Another approach is to use any $f: \mathbb{N}^2 \to \mathbb{N}$ bijection and compose it with itself, e.g.
$$f_k (a_1,a_2,\ldots,a_k) = f(a_1, f(a_2, \ldots f(a_{k-1},a_k)\ldots)).$$
I hope this helps $\ddot\smile$
A: To give a bijection $A\leftrightarrow\Bbb N$ amounts to define a sequence $a_1,a_2,a_3,...$ which includes all elements of $A$.
When $A=\Bbb N^k$ a standard way to do this is to write
$$
\Bbb N^k=\bigcup_{r=0}^\infty A_r,\qquad
A_r=\{(n_1,...,n_k)\in\Bbb N^k\,|\,\sum_{j=1}^kn_j=r\}
$$
and since every $A_r$ is finite we can list all elements of $A_1$, followed by all elements of $A_2$, followed by all elements of $A_3$, and so on.

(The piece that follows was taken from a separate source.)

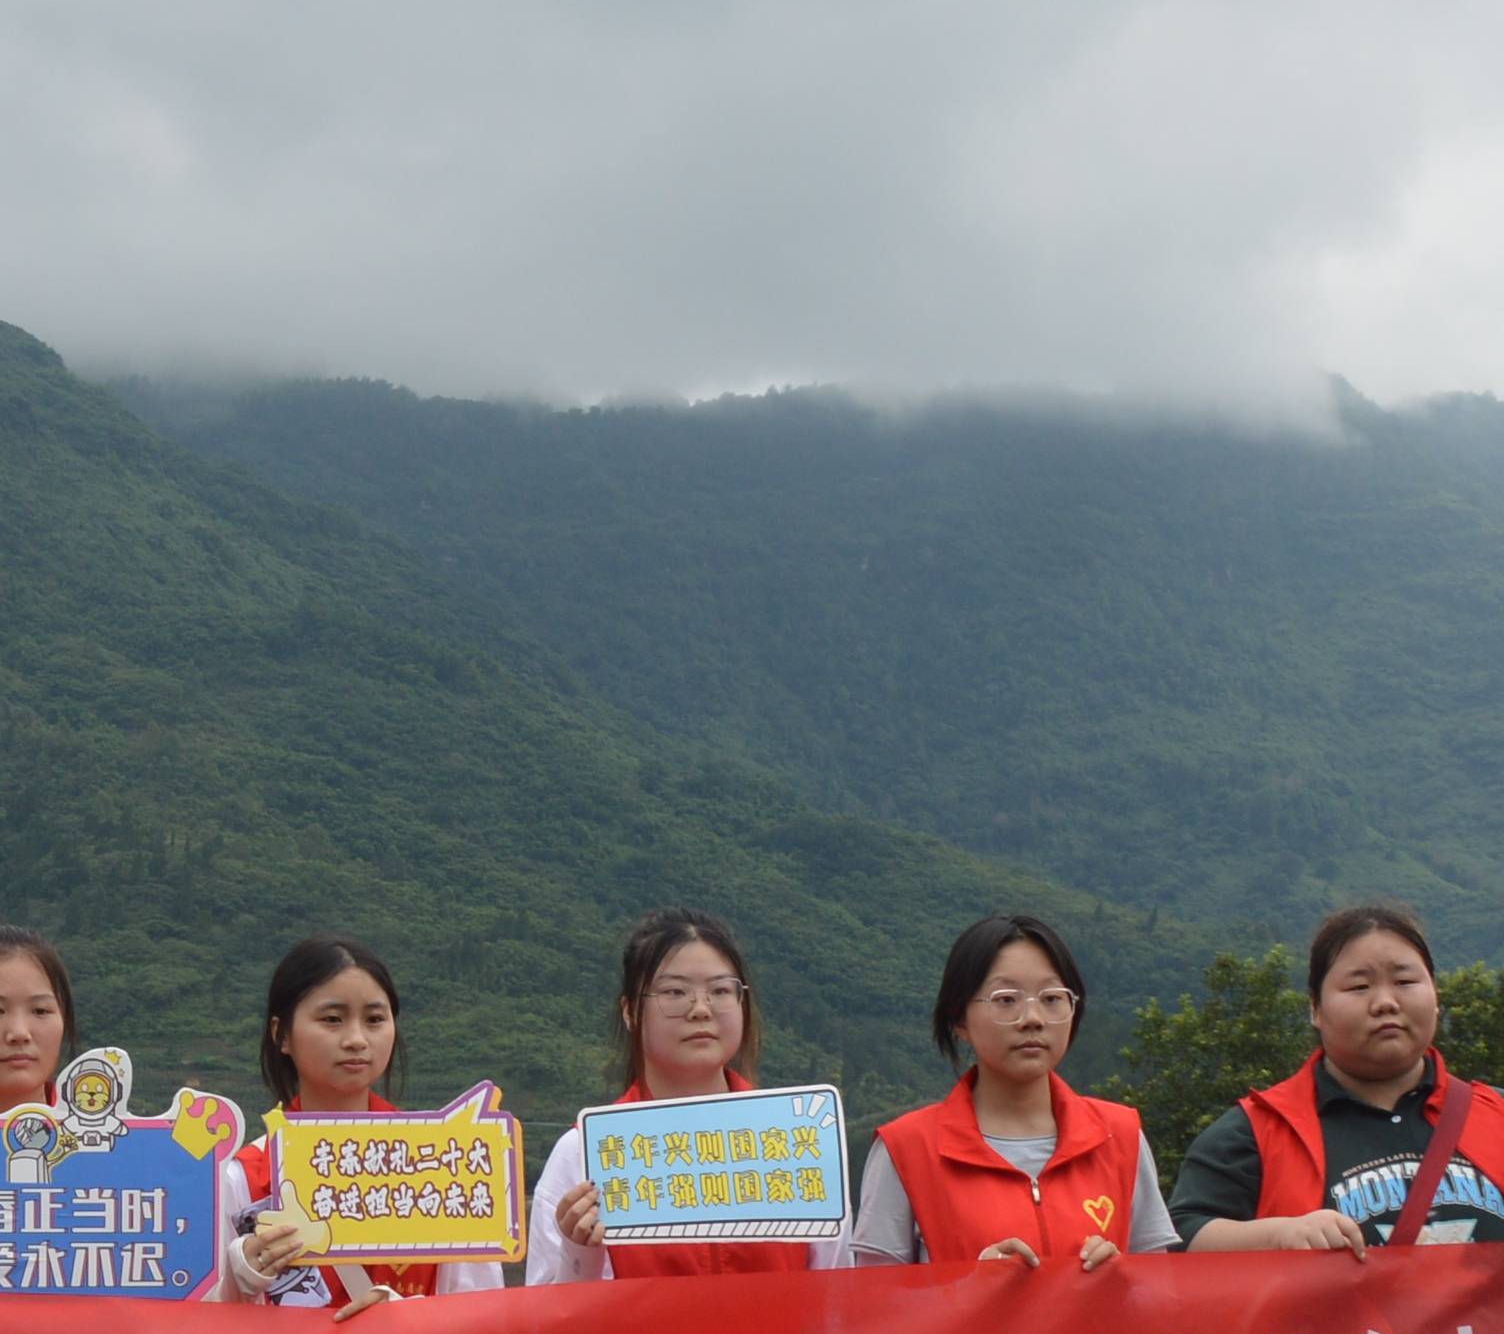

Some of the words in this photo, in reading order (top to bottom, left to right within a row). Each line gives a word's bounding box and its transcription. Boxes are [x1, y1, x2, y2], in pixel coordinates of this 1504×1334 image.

[310, 1137, 493, 1177] 青春献礼二十大
[597, 1125, 822, 1171] 青年兴则国家兴
[601, 1167, 827, 1214] 青年强则国家强

This certainly works although it may not be easy to say what is the $n$-th $k$-ple ofthe sequence excplicitly.
P.S.: the above is written under the conventional assumption that $0\in\Bbb N$. If, so to speak, $\Bbb N$ starts with 1 the above works in the same way with the observation that the first non-empty subset $A_r$ is $A_k$.